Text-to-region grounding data
◆ ◆ ◆ ◆ ◆ ◆ ◆
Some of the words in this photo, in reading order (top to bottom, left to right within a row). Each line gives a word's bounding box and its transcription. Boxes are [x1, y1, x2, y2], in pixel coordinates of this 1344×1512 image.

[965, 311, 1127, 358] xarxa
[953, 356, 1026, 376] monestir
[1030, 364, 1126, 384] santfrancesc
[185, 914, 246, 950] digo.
◆ ◆ ◆ ◆ ◆ ◆ ◆
> _PROBLEM DESCRIPTION_: Repeat every record above exactly as it appears.

> _REPLY TO THE TASK_:
Some of the words in this photo, in reading order (top to bottom, left to right within a row). Each line gives a word's bounding box and its transcription. Boxes are [x1, y1, x2, y2], in pixel coordinates of this 1344×1512 image.

[965, 311, 1127, 358] xarxa
[953, 356, 1026, 376] monestir
[1030, 364, 1126, 384] santfrancesc
[185, 914, 246, 950] digo.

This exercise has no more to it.